The title of the article made my head hurt a little. I wince whenever I encounter phrases like “quantum theology.” There is, after all, a thing called “quantum mysticism,” and it’s not pretty. It began as a respectable philosophical debate among the great physicists of the early 20th century — see Lisa Zyga’s nice article on this — but has since devolved into an industry that somehow brings the New-Age self-help pop-psychology complex together with Eastern philosophy and quantum mechanics. The result is a dreadful morass of half-ideas, feel-good jargon, and bad science. As Dennis Overbye wrote, “Do we have to indulge in bad physics to feel good?”
Apparently some people do. But Catherine Keller is not one of them. As a seminary student I read a substantial amount of her work. She is a challenging and dynamic thinker, one who is capable of reflecting theologically on science without over-interpreting it or being plain silly.

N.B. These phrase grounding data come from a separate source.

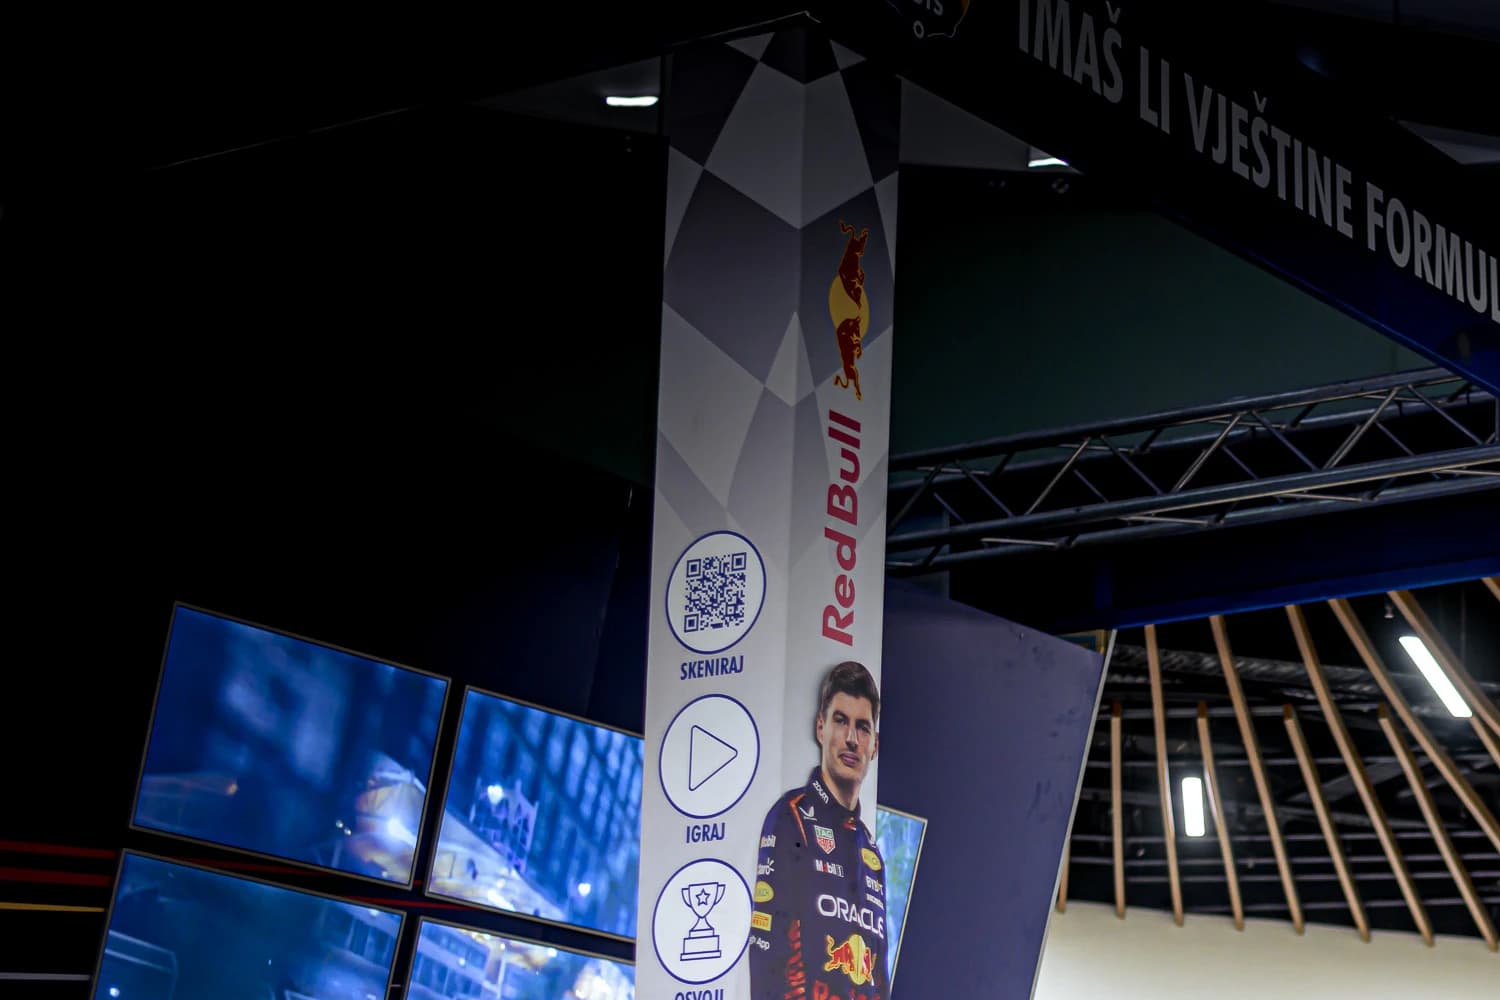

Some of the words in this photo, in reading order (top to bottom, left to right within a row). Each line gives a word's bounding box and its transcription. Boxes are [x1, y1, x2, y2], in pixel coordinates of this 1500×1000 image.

[1018, 0, 1123, 104] IMAŠ
[1139, 45, 1171, 135] LI
[1184, 71, 1353, 240] VJEŠTINE
[827, 409, 861, 526] Bull
[822, 527, 857, 647] Red
[680, 656, 744, 680] SKENIRAJ
[686, 823, 725, 843] IGRAJ
[818, 893, 885, 940] ORACLE
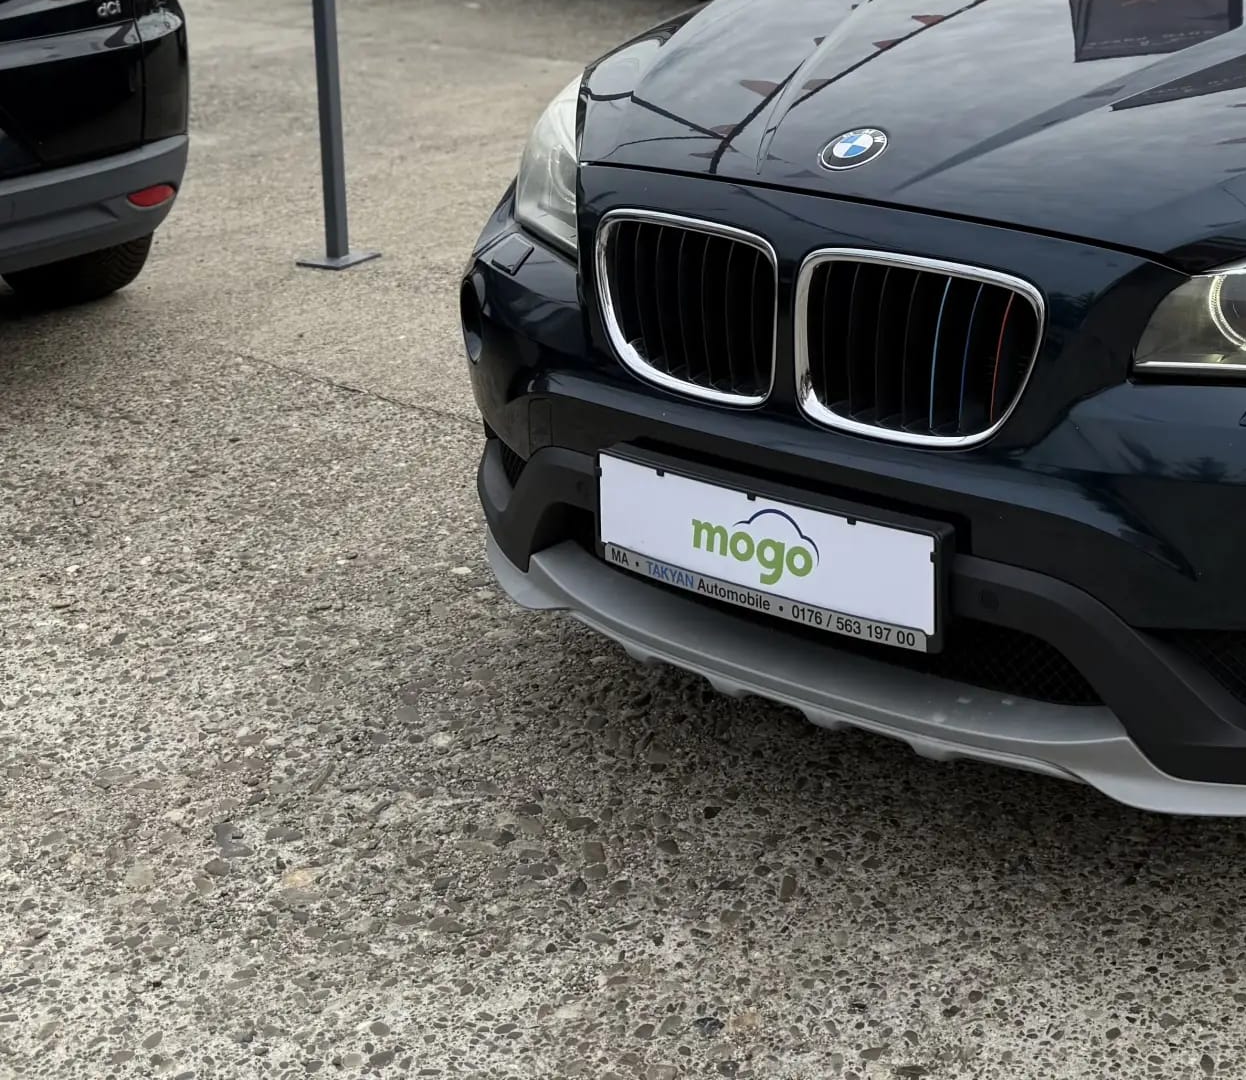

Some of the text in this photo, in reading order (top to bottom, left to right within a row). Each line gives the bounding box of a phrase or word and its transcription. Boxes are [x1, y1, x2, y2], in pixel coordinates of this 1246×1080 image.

[97, 0, 121, 16] dCi
[691, 518, 814, 585] mogo
[611, 547, 630, 567] MA
[646, 560, 694, 589] TAKYAN
[697, 578, 771, 611] Automobile
[791, 604, 823, 625] 0176
[836, 616, 861, 635] 563
[866, 624, 892, 642] 197
[896, 630, 916, 647] 00

How can she be so open, when many theologians are either indifferent to, or cowed by, or overawed by science? It may have something to do with the apophatic flavor of her thought. Keller, like Nicholas of Cusa whom she cites, takes God’s otherness seriously.
Apophatic (or “negative”) theology is, depending on your point of view, exactly what this world needs, near-heretical foolishness of the worst kind, merely another species of atheism, plain old mystical hoo-hah, or a nice comfy retreat for those who can’t accept the obvious fact that God just doesn’t exist.
But this ancient brand of God-talk should be quite natural for those who take the idea of God seriously. It tries only to take seriously this question: What are the implications of what Keller calls, in one book, “the divine infinity”?
One implication is that, whatever one may think God is, God is not that. I am reminded of a discussion in one of C.S. Lewis’ books. He talks about seeing a table. Look at it; it’s just a table, right? Well, not really. Because once you start getting into the details of what it means to “look at a table,” you wind up face-to-face with mysteries and complications you could never have imagined. Among other things, you get involved with quantum mechanics, and as Richard Feynman famously remarked in a 1964 Cornell lecture, “I think I can safely say that nobody understands quantum mechanics.”
Apophatic theology tells us that God is not much different from a table. You think you understand, but you don’t. And as Keller says, when one comes face-to-face with this fact, a kind of gate opens up. And in the space behind that gate is plenty of room for science.